[Free-text object descriptions]

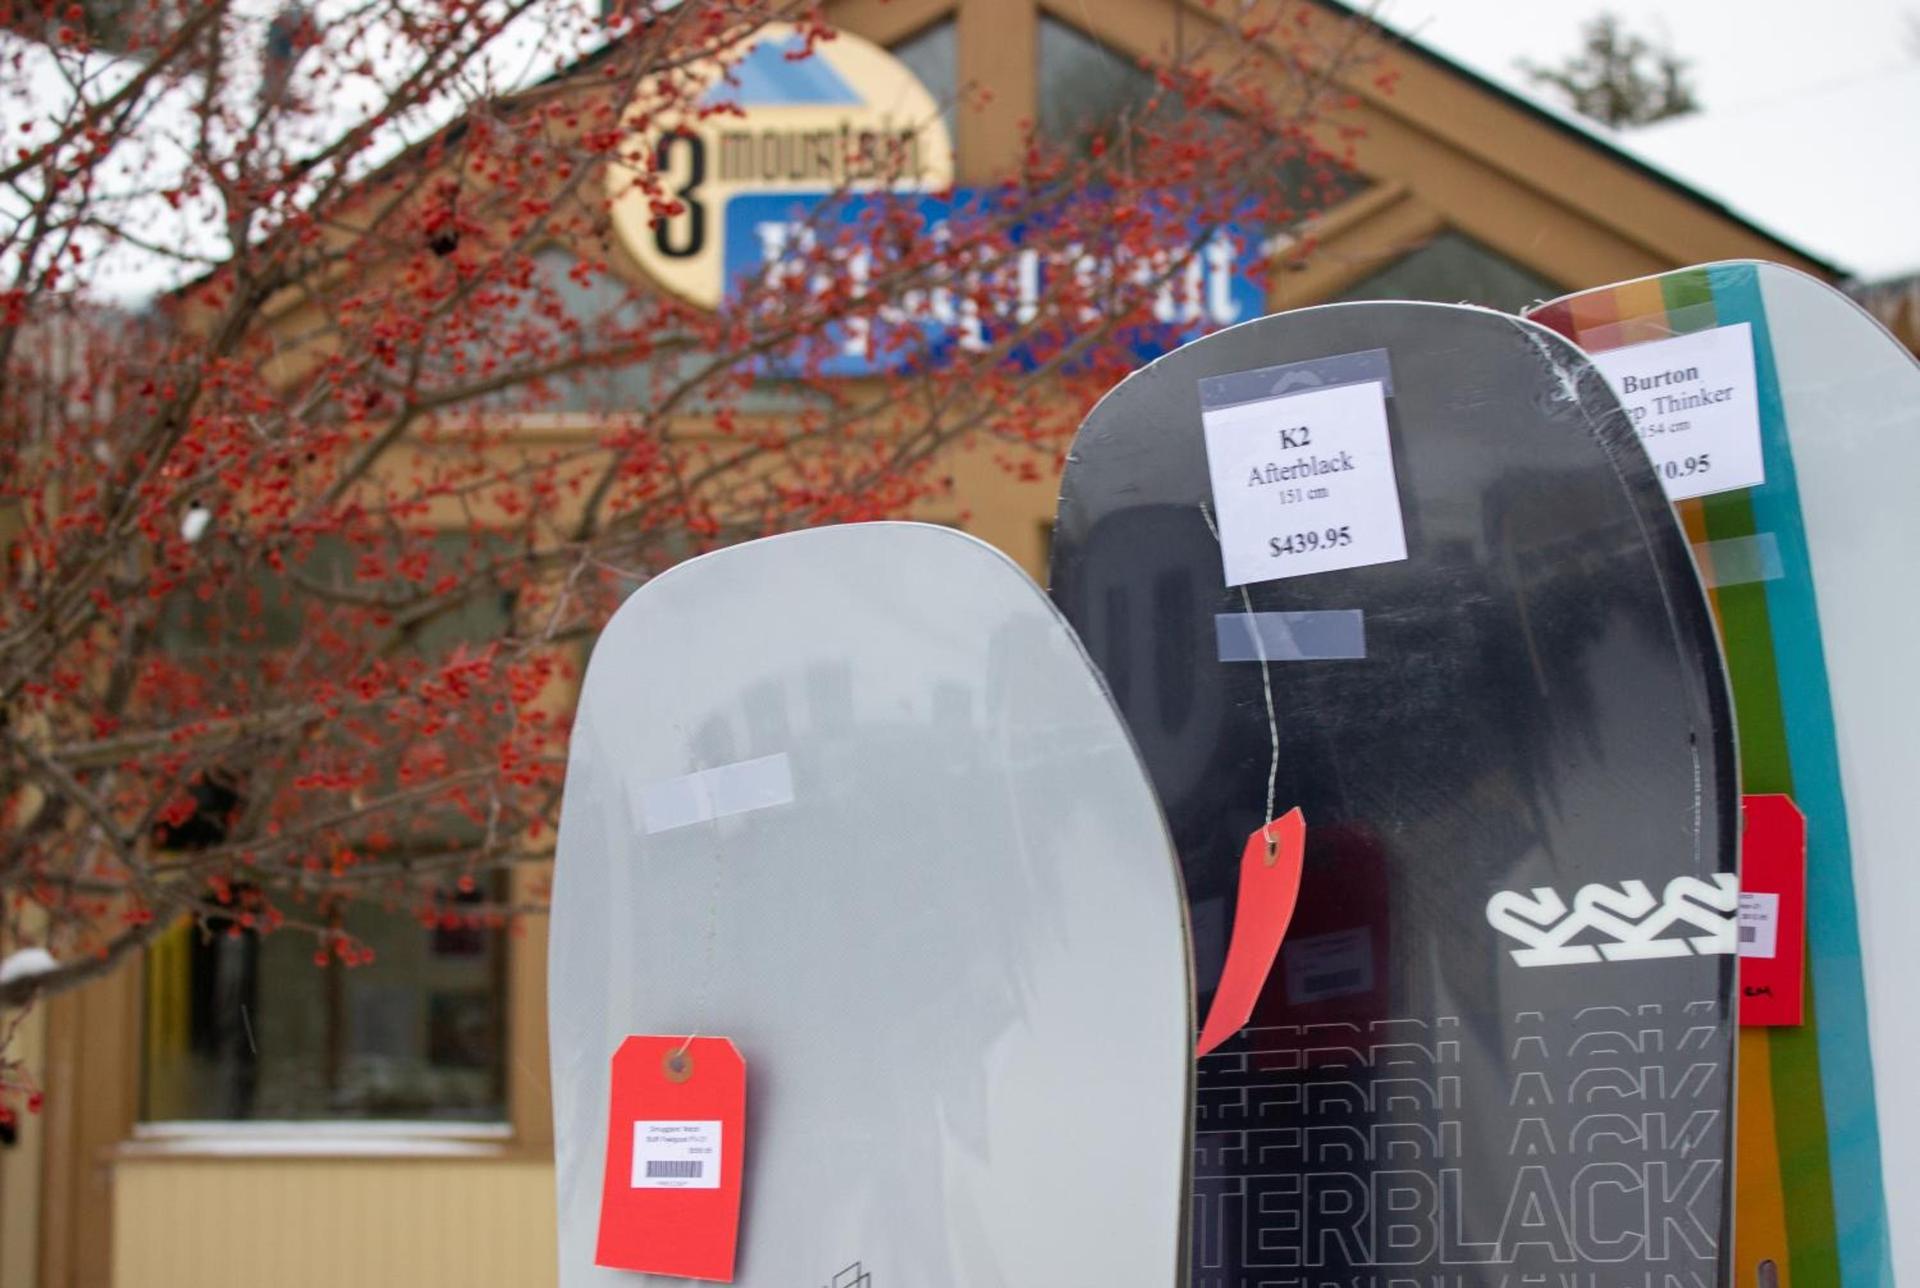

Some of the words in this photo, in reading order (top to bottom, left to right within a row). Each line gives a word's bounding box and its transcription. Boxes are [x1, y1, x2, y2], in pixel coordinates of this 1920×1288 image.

[654, 130, 706, 258] 3
[1623, 367, 1699, 394] Burton
[1652, 386, 1734, 415] Thinker
[1280, 426, 1311, 450] K2
[1669, 421, 1691, 433] cm
[1248, 451, 1355, 487] Afterblack
[1280, 489, 1303, 504] 151
[1307, 487, 1329, 501] cm
[1270, 526, 1353, 557] $439.95

### [Prompt]
All entries above must be printed again verbatim, with images excluded.

### [Final answer]
Some of the words in this photo, in reading order (top to bottom, left to right within a row). Each line gives a word's bounding box and its transcription. Boxes are [x1, y1, x2, y2], in pixel coordinates of this 1920×1288 image.

[654, 130, 706, 258] 3
[1623, 367, 1699, 394] Burton
[1652, 386, 1734, 415] Thinker
[1280, 426, 1311, 450] K2
[1669, 421, 1691, 433] cm
[1248, 451, 1355, 487] Afterblack
[1280, 489, 1303, 504] 151
[1307, 487, 1329, 501] cm
[1270, 526, 1353, 557] $439.95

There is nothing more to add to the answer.